WHAT THIS TASK INVOLVES - Restate the entries below exactly. Images are not part of the copy.

MATERIAL PROVIDED -
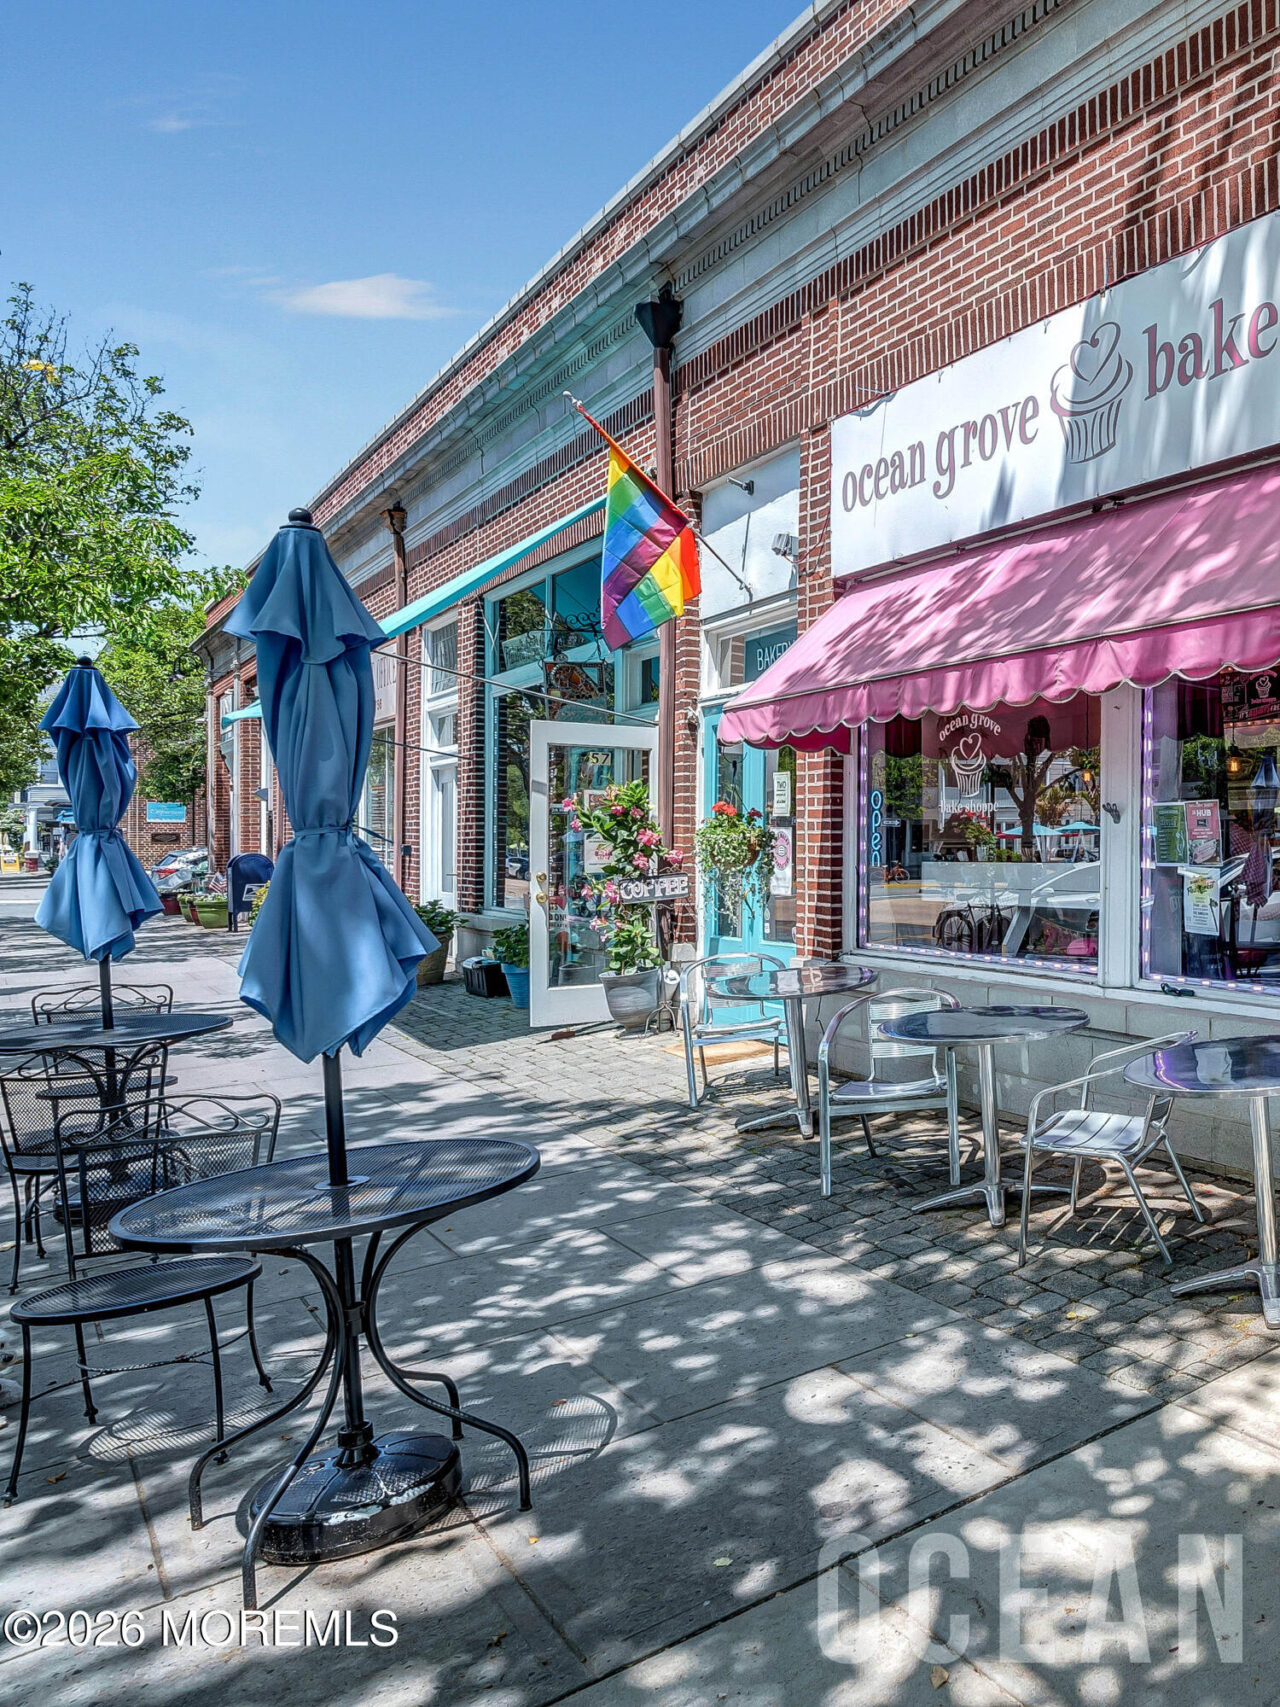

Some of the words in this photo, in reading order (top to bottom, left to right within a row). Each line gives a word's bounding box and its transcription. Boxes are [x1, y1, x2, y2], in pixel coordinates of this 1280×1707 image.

[842, 440, 927, 513] ocean
[932, 395, 1040, 500] grove
[1141, 297, 1279, 401] bake
[757, 640, 796, 671] BAKER
[939, 714, 969, 742] ocean
[969, 713, 1001, 736] grove
[591, 752, 610, 764] 57
[965, 799, 999, 818] shoppe
[619, 875, 689, 900] COFFEE
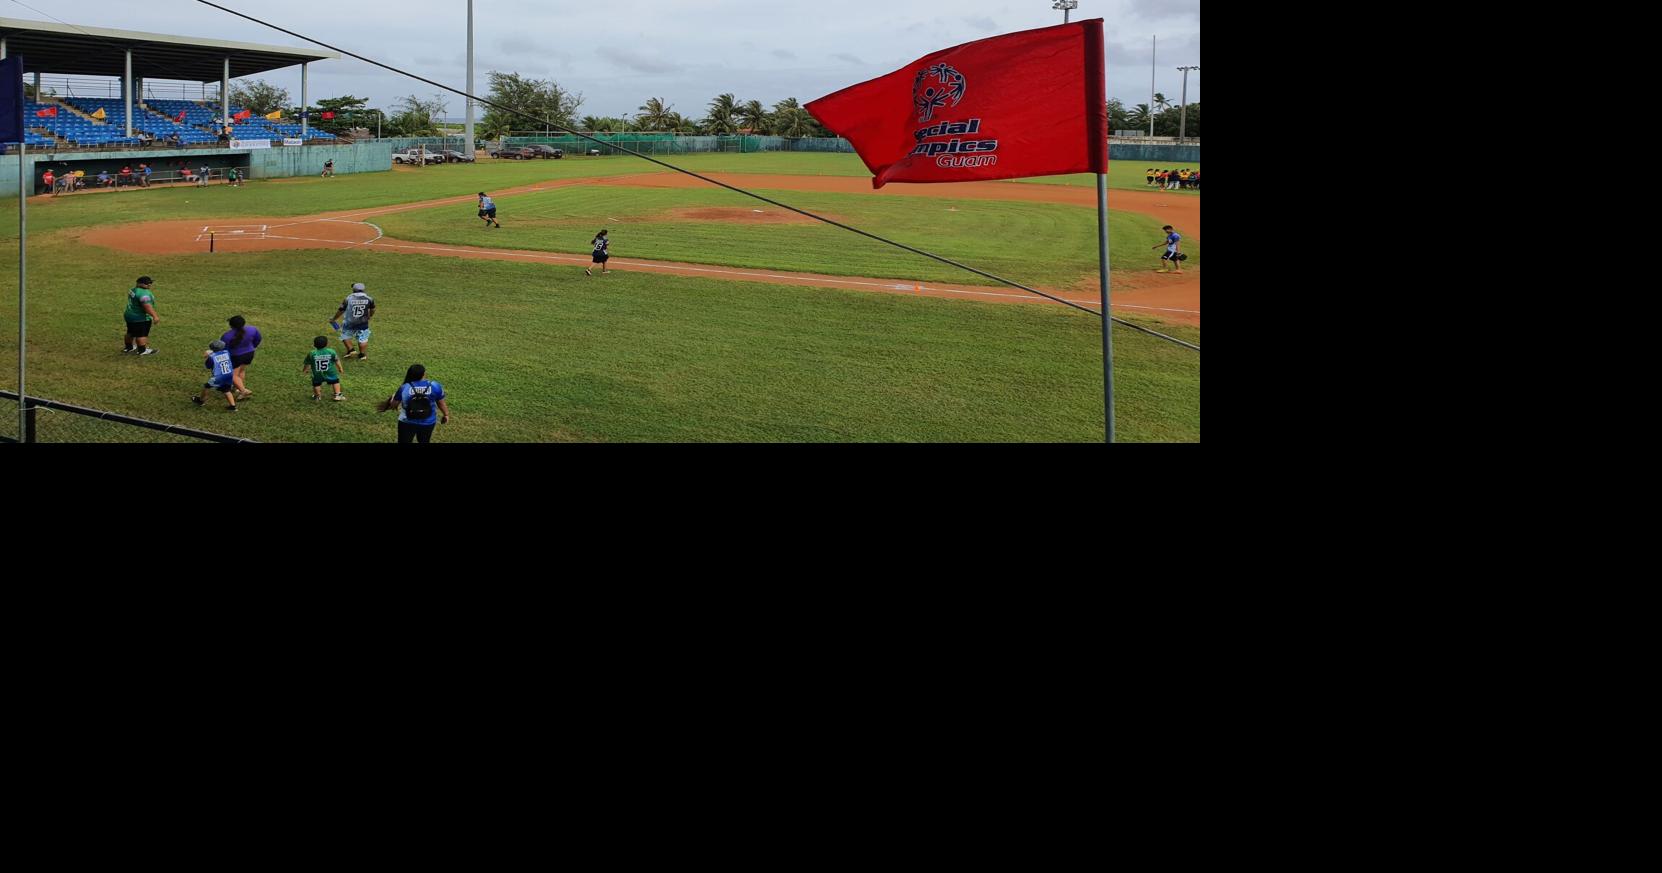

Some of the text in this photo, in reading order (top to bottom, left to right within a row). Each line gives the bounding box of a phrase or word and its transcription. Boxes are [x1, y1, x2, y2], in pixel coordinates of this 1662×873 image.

[913, 119, 980, 140] ecial
[936, 155, 998, 168] Guam
[352, 305, 366, 317] 15
[315, 359, 329, 371] 15
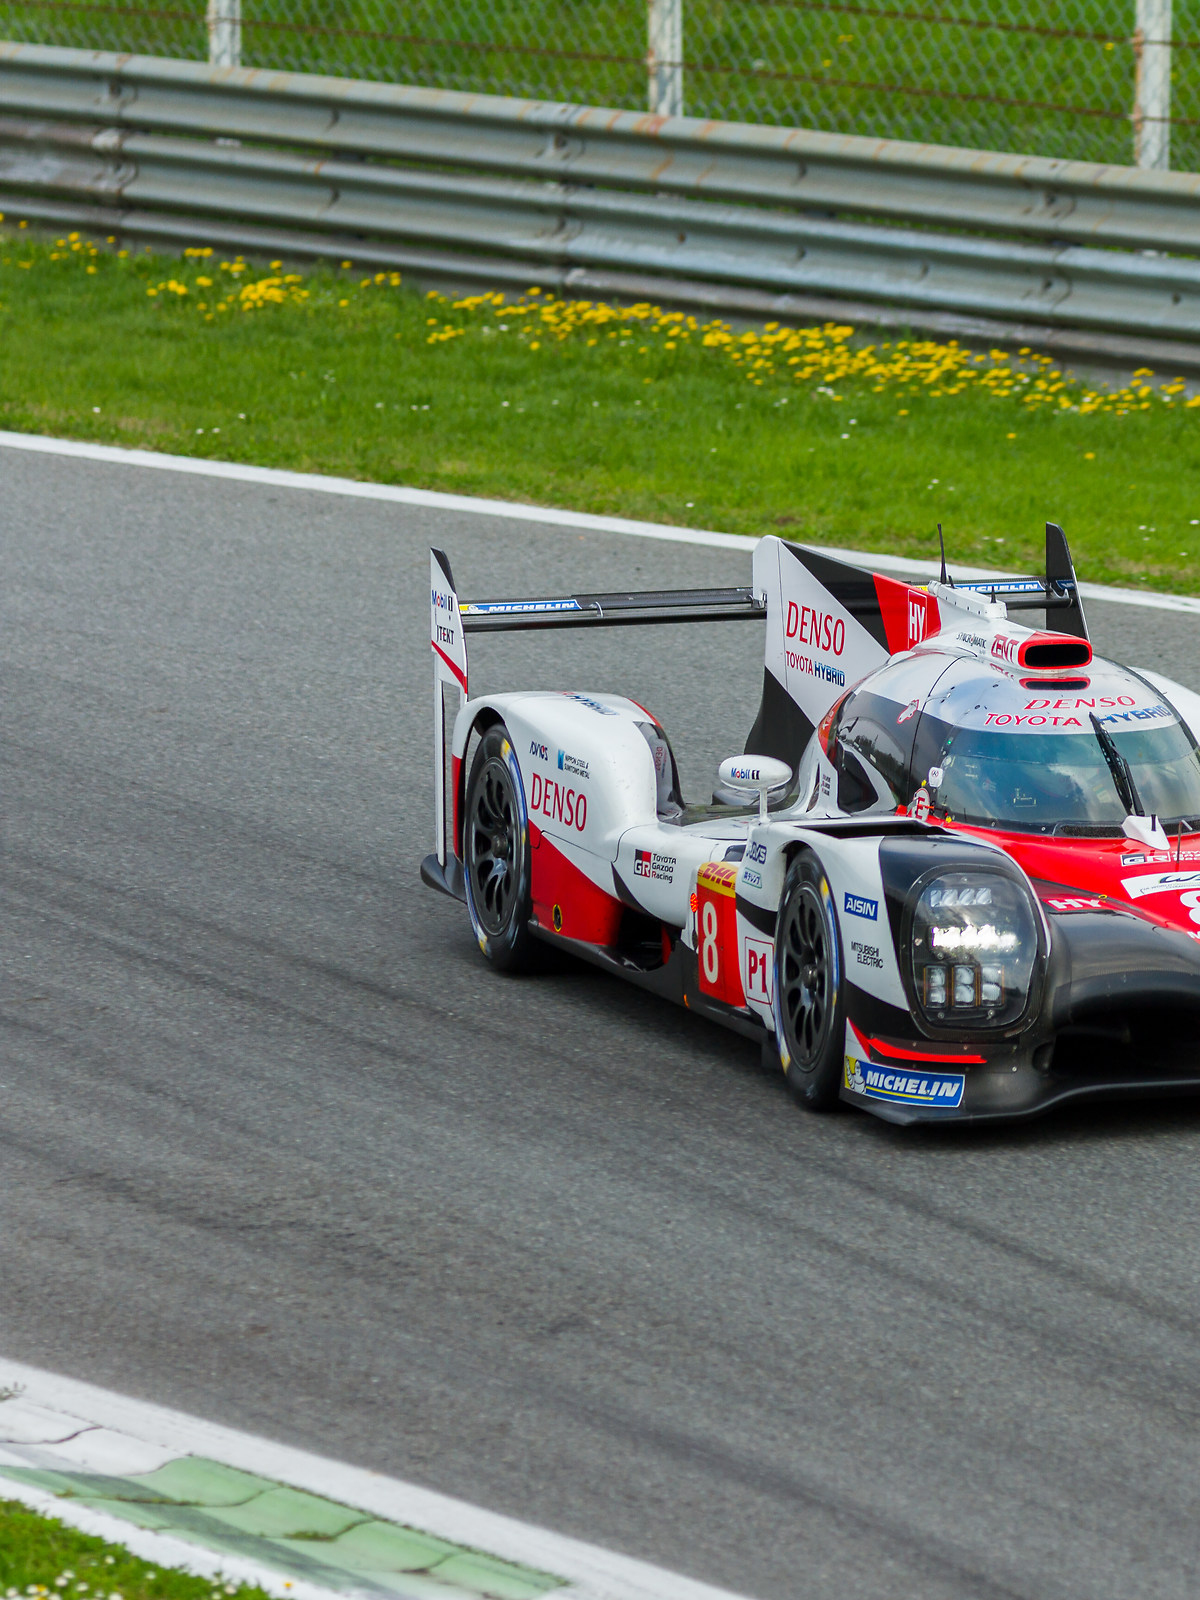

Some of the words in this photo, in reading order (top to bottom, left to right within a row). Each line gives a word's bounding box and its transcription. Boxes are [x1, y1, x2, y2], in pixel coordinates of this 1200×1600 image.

WRITTEN RESPONSE -
Some of the words in this photo, in reading order (top to bottom, left to right within a row). Each line gives a word's bounding box and its transcription. Boxes are [x1, y1, x2, y2], in pixel coordinates of this 1280×1707 image.

[842, 440, 927, 513] ocean
[932, 395, 1040, 500] grove
[1141, 297, 1279, 401] bake
[757, 640, 796, 671] BAKER
[939, 714, 969, 742] ocean
[969, 713, 1001, 736] grove
[591, 752, 610, 764] 57
[965, 799, 999, 818] shoppe
[619, 875, 689, 900] COFFEE

Some of the text in this photo, in reading order (top to bottom, left to right within a row). Each line gives the bounding box of a phrase or word and its transcription. Boxes are [x1, y1, x2, y2], in pixel coordinates of this 1662×873 image.

[913, 119, 980, 140] ecial
[936, 155, 998, 168] Guam
[352, 305, 366, 317] 15
[315, 359, 329, 371] 15

Some of the words in this photo, in reading order (top to bottom, left to right within a row). Each line gives a word's bounding box and its transcription. Boxes are [x1, y1, x2, y2], in pixel coordinates of this 1200×1600 image.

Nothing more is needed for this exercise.